### Requirement:
Would you output all the lines below precisely as they stand, leaving each picture out?

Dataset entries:
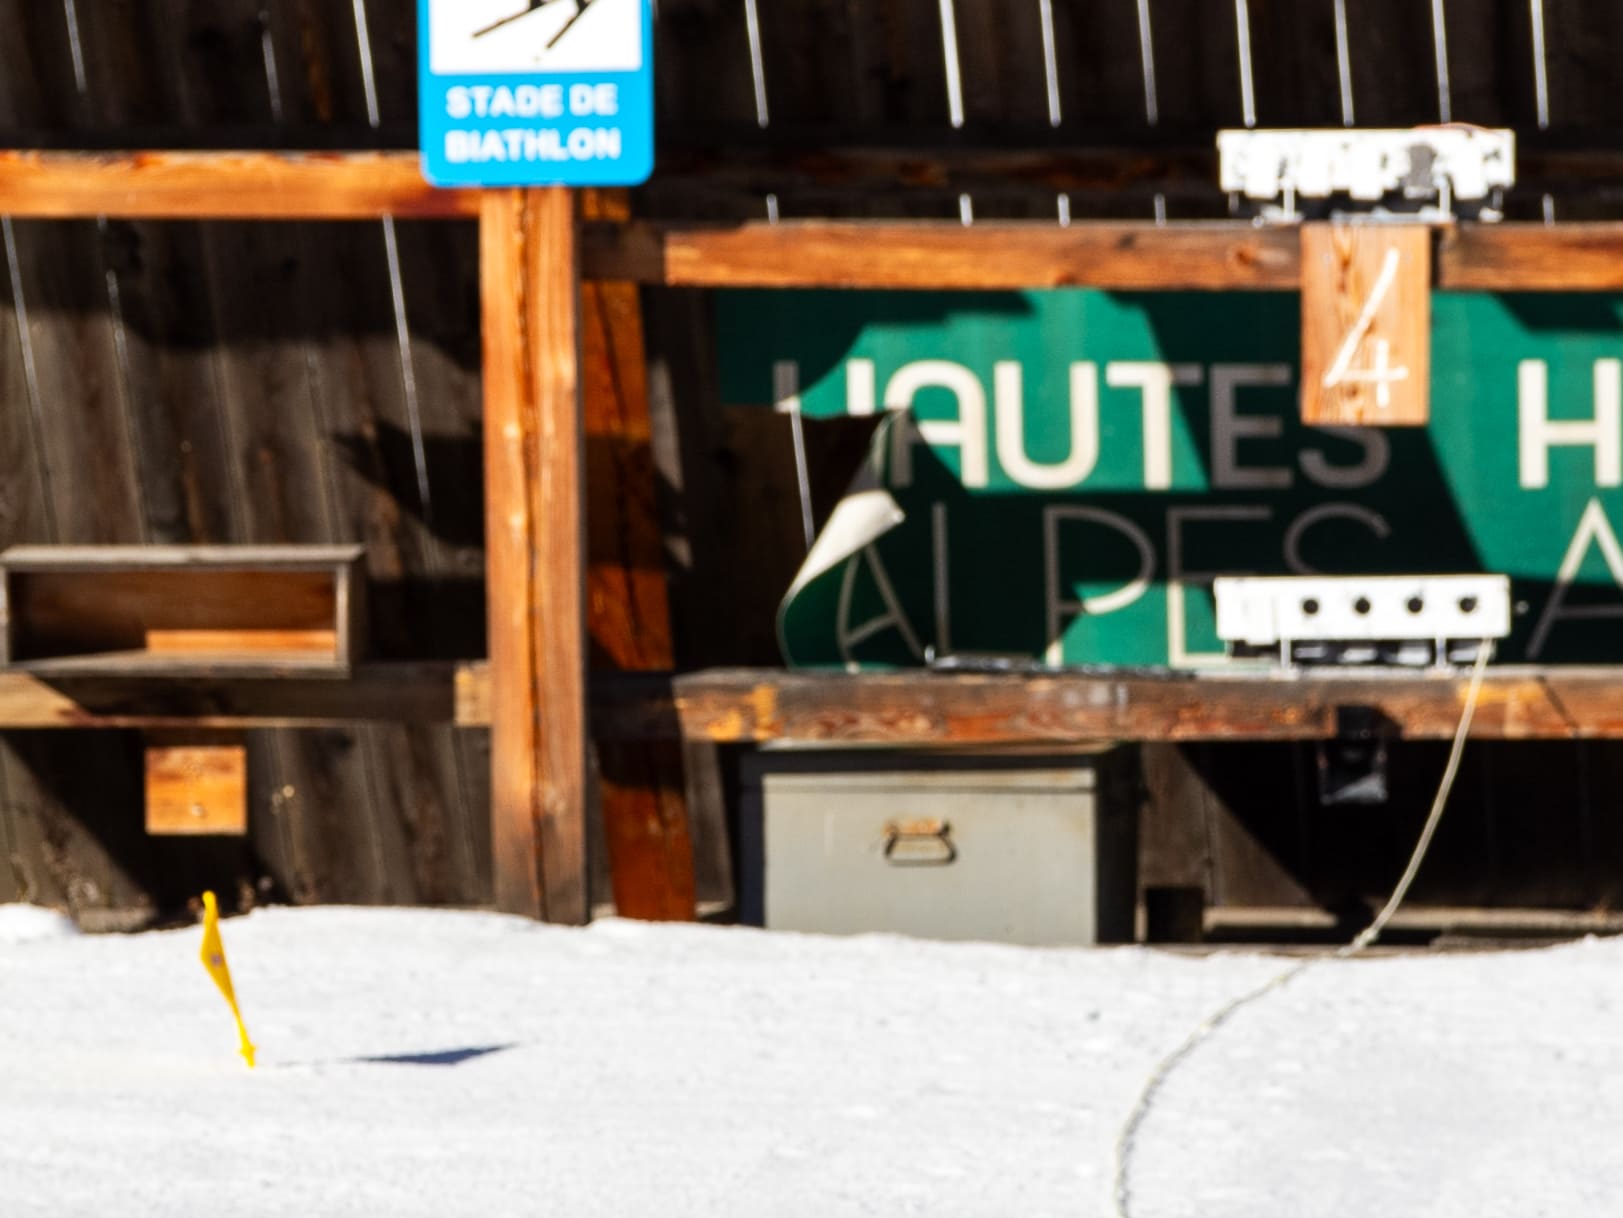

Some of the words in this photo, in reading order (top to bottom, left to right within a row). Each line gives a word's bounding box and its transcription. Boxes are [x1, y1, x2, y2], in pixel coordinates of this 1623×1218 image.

[445, 83, 565, 119] STADE
[569, 83, 619, 117] DE
[444, 127, 623, 163] BIATHLON
[1322, 246, 1409, 408] 4

### Response box:
Some of the words in this photo, in reading order (top to bottom, left to right within a row). Each line gives a word's bounding box and its transcription. Boxes are [x1, y1, x2, y2], in pixel coordinates of this 1623×1218 image.

[445, 83, 565, 119] STADE
[569, 83, 619, 117] DE
[444, 127, 623, 163] BIATHLON
[1322, 246, 1409, 408] 4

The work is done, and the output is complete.